BACKGROUND OF THE INVENTION 1. Field of the Invention The present invention relates to a method for economically and very advantageously producing a photosensitive drum for use in an irradiated electrophotographic apparatus having excellent printing characteristics and the like, wherein a photosensitive layer is formed on an inner surface of a cylindrical mold 6. After forming, the resin for transparent substrates is preferably a method for producing an electrophotographic photosensitive member in which the PMMA monomer material is polymerized by a centrifugal casting method to integrate the obtained resin with the photosensitive layer.

Description

Manufacturing method of electrophotographic photosensitive member

BACKGROUND OF THE INVENTION 1. Field of the Invention The present invention relates to a method for manufacturing an electrophotographic photosensitive member, and more particularly, to a substrate for image recording of an irradiation type electrophotographic apparatus such as a copier, a laser printer, that is, a photoresist for an irradiation type electrophotographic used as a photosensitive drum.

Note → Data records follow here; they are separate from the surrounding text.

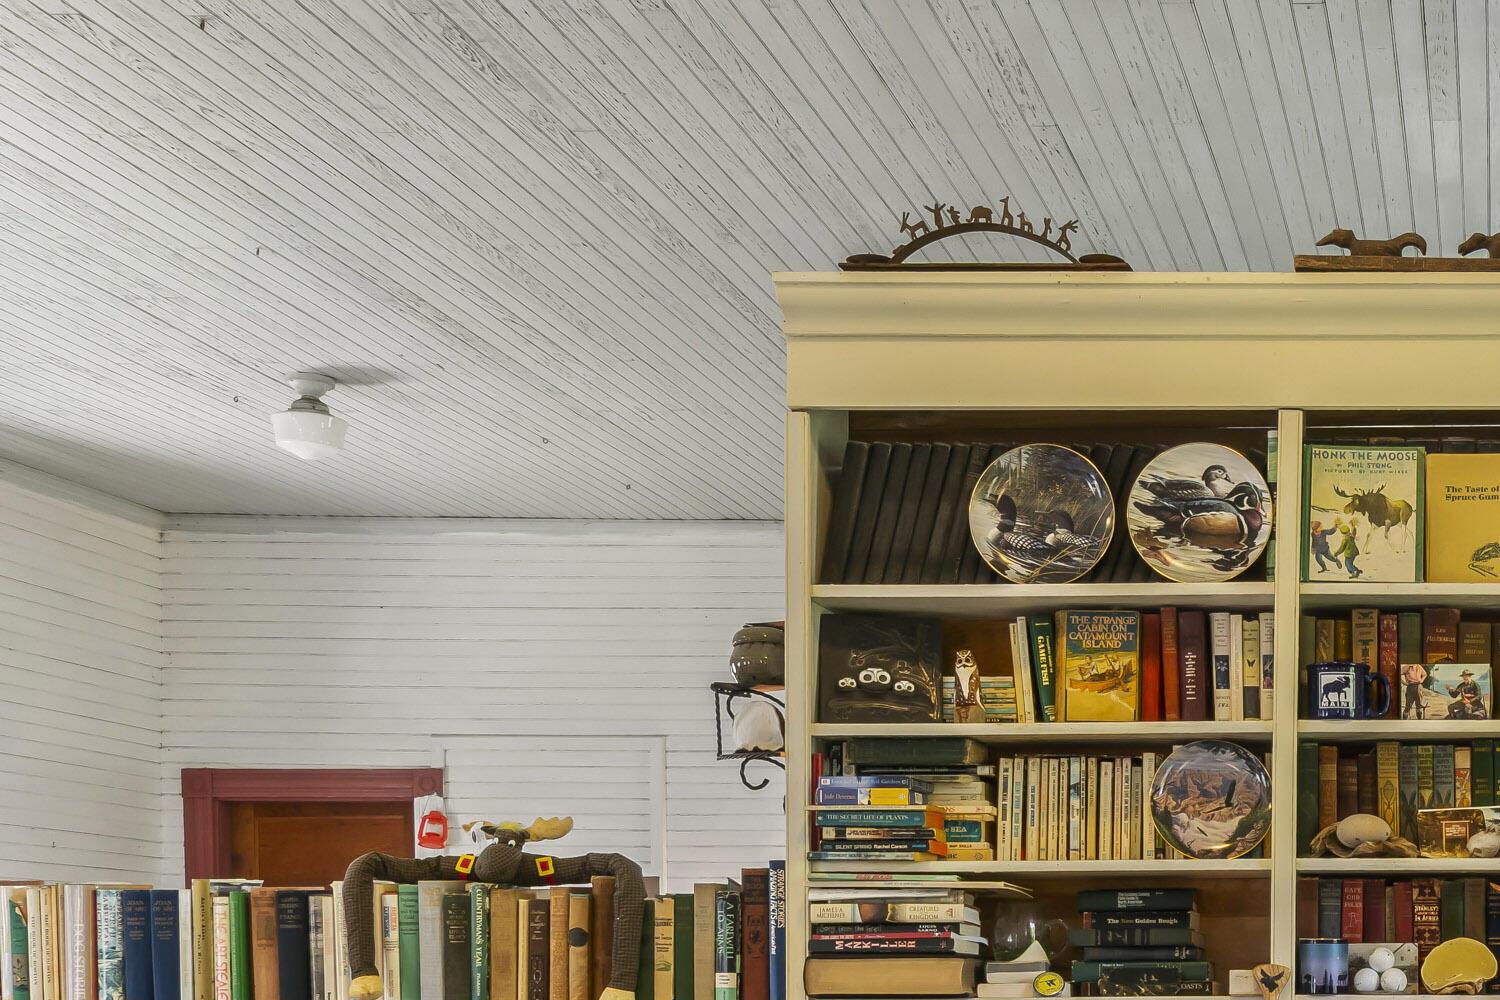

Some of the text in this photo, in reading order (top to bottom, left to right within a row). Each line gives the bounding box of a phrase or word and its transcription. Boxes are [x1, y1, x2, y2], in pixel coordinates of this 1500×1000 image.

[1313, 450, 1416, 461] HONK THE MOOSE
[1445, 494, 1476, 502] Spruce
[1070, 616, 1136, 625] THE STRANGE
[1077, 624, 1127, 632] CABIN ON
[1069, 632, 1133, 641] CATAMOUNT
[1081, 640, 1121, 649] ISLAND
[777, 869, 785, 928] STRANGE STORIES
[726, 912, 734, 959] FAREWELL
[835, 940, 916, 950] MANKILLER

It is about a method.

Background Art Conventionally, a recording apparatus such as a copying machine or a laser printer is commonly used with a photosensitive drum in an aluminum substrate, and in the exposure step, a method of exposing from the surface of the photosensitive layer formed on the substrate is common.

In this method, since each process apparatus of charging, exposure, development, transfer, fixing, electrostatic removal, and cleaning needs to be disposed around the photosensitive drum, there is a limit to the miniaturization of the recording apparatus or the scattering of the developer from the developer. (I) has a drawback such as contaminating the optical system of the exposure apparatus and adversely affecting printing.

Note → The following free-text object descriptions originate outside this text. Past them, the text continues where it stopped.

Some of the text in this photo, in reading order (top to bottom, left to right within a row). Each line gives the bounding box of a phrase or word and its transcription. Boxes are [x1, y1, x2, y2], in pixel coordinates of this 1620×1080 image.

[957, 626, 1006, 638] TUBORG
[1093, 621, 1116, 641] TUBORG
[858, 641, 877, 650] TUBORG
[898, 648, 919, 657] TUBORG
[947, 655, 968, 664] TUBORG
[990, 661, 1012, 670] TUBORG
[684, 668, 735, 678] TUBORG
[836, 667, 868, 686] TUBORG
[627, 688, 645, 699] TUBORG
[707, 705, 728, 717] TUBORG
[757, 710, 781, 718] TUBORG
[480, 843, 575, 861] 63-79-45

In order to solve this problem, a photosensitive drum coated in the order of a conductive layer and a photosensitive layer on a transparent substrate, a light source of the exposure apparatus is installed on the inside of the photoconductor, the light irradiation from the inside of the photoconductor In order to reduce the size and to prevent the contamination of the optical system due to the scattering of the developer, an anti-irradiation device has been devised.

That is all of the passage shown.